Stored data
╔══
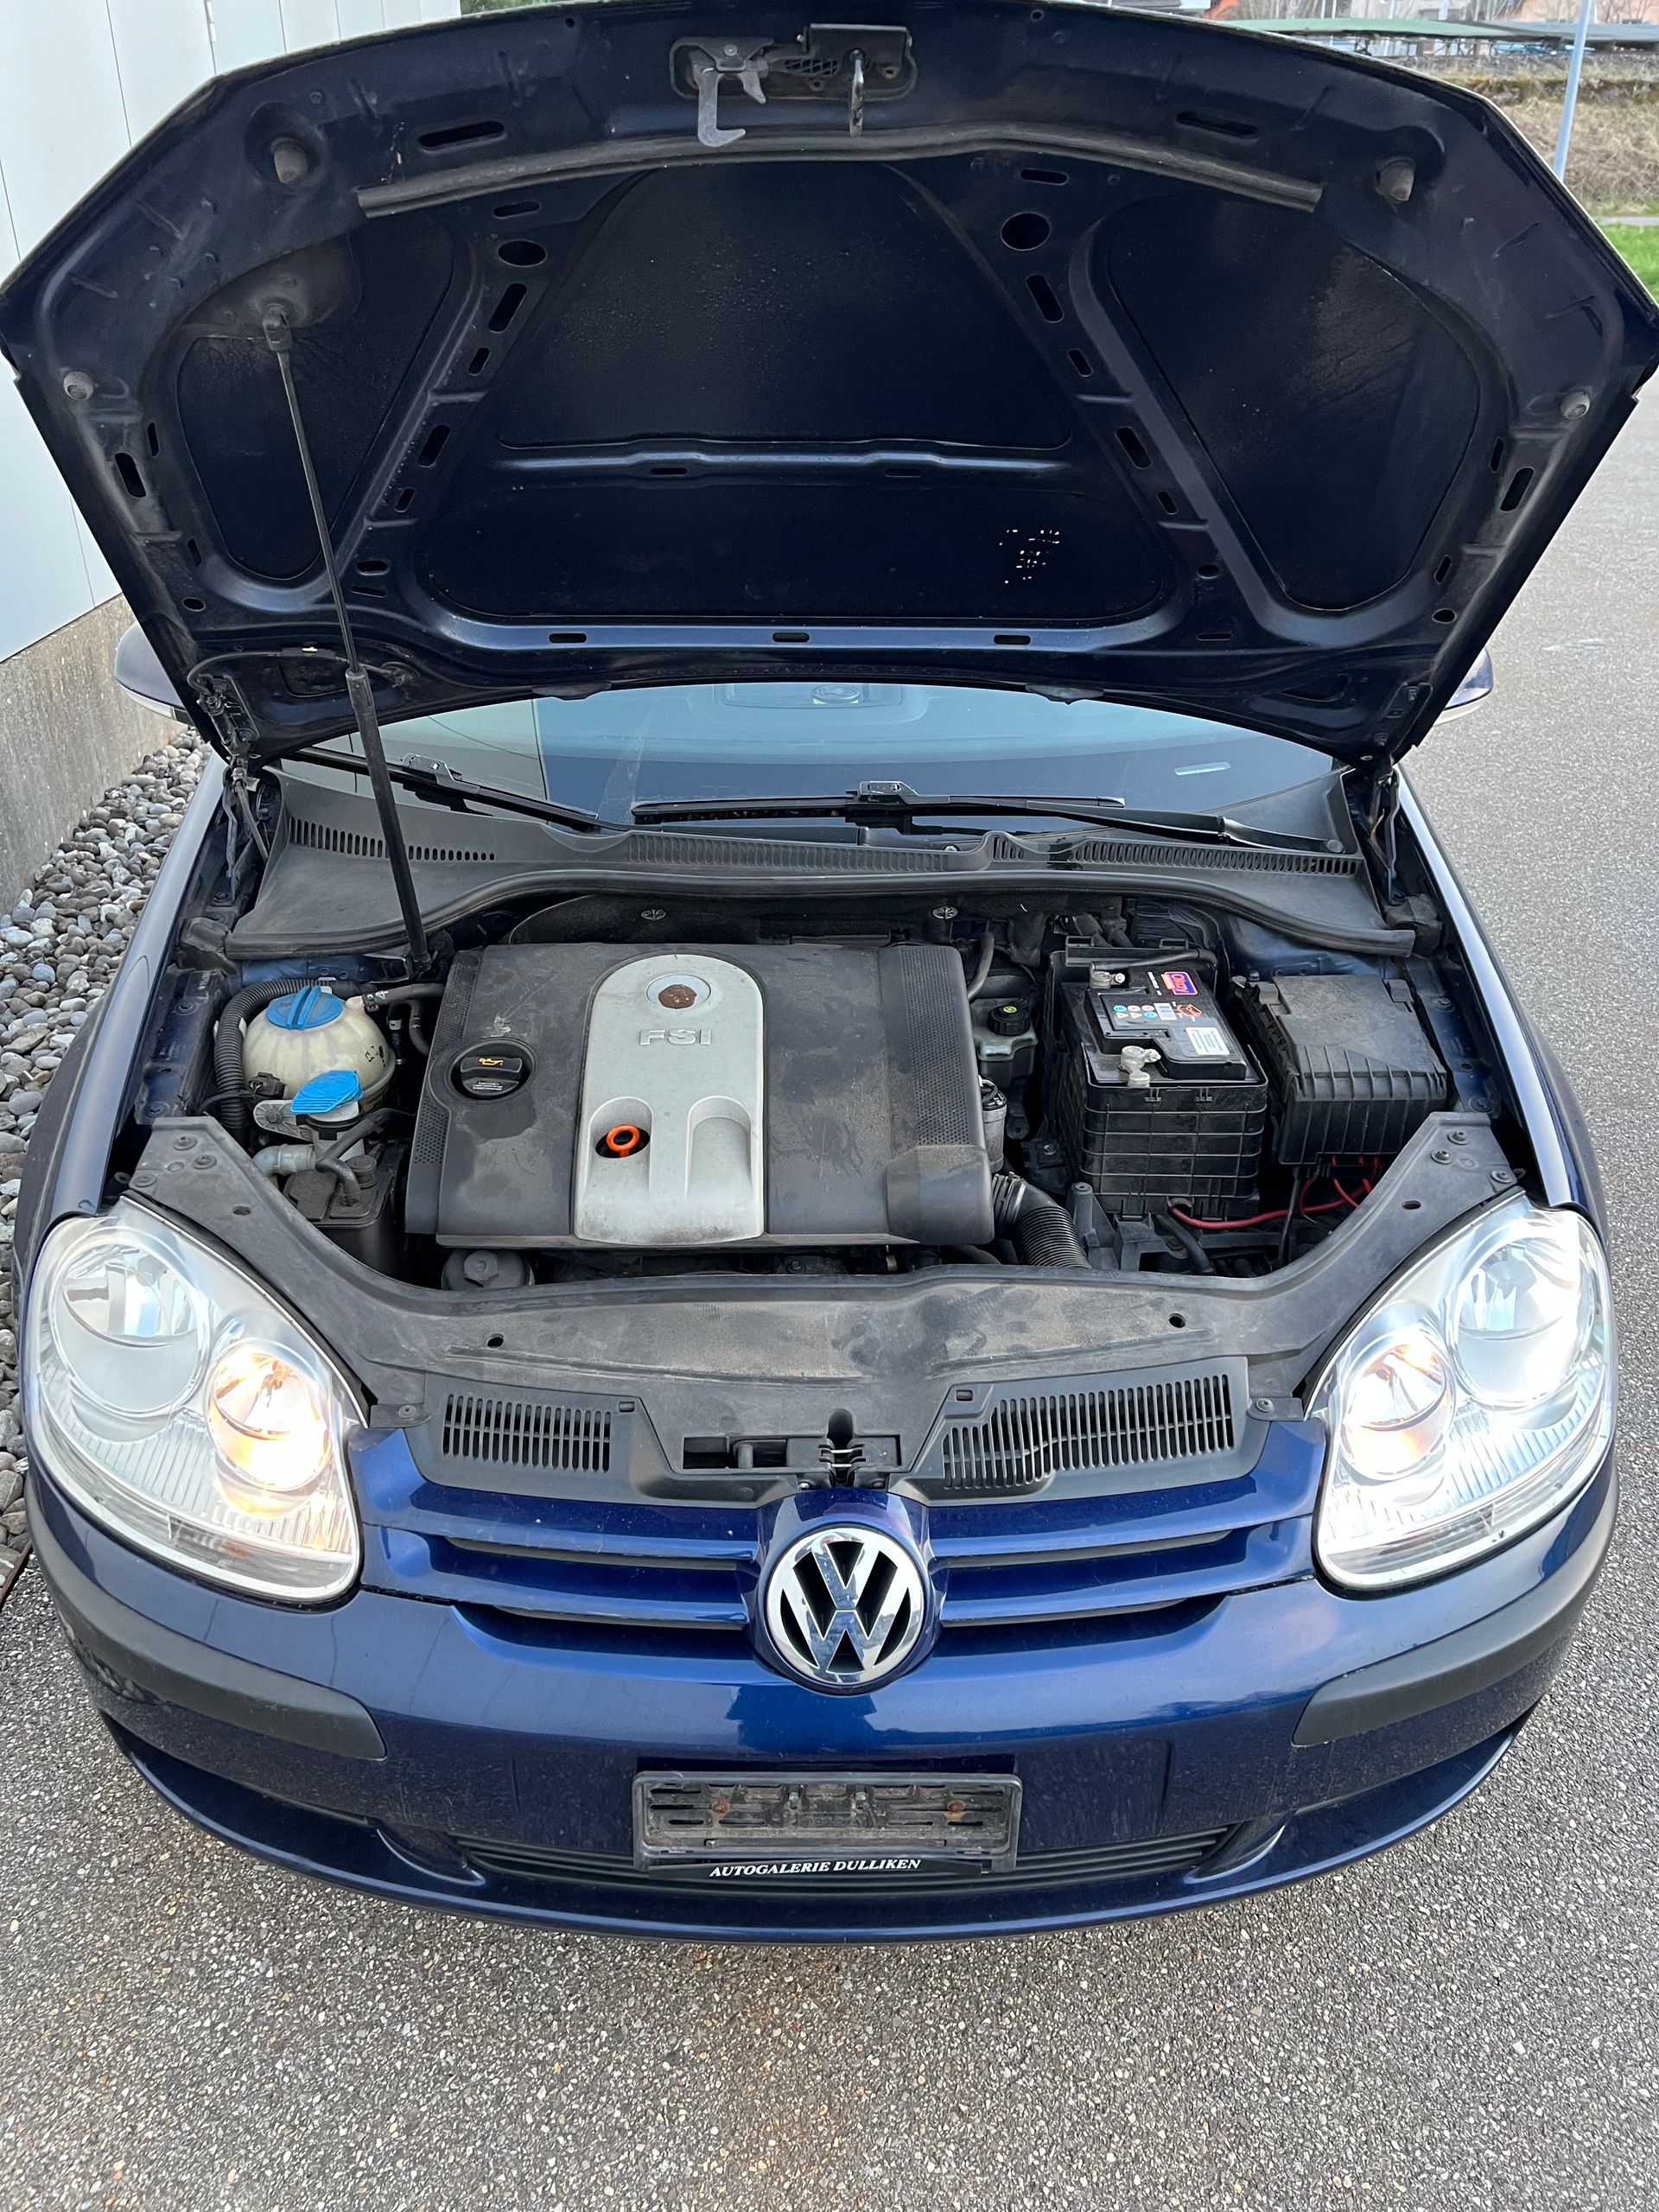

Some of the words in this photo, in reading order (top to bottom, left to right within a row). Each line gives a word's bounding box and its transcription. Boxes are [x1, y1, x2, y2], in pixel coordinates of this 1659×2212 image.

[639, 1029, 711, 1046] FSI
[767, 1528, 924, 1683] VW
[709, 1861, 830, 1877] AUTOGALERIE
[833, 1859, 921, 1872] DULLIKEN
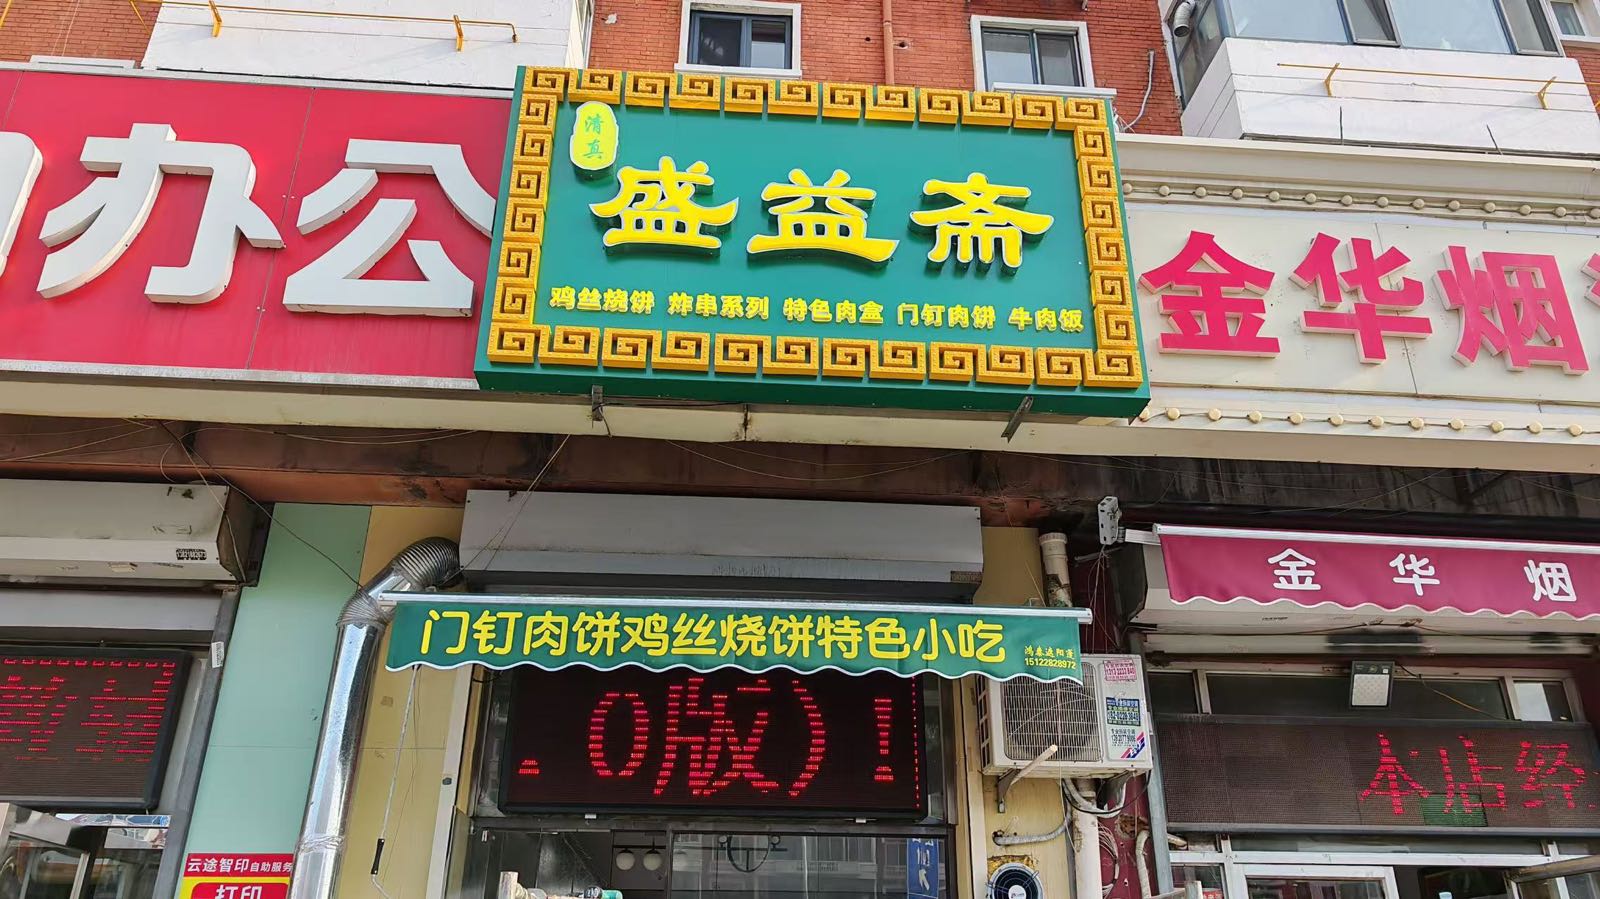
╚══
If a record holds a picture, drop the picture and return the rest of it exactly.

### Your solution
Some of the words in this photo, in reading order (top to bottom, left to right within a row). Each line gives a word's bounding box and its transcription. Boxes are [x1, y1, x2, y2], in pixel coordinates of this 1659×2212 image.

[639, 1029, 711, 1046] FSI
[767, 1528, 924, 1683] VW
[709, 1861, 830, 1877] AUTOGALERIE
[833, 1859, 921, 1872] DULLIKEN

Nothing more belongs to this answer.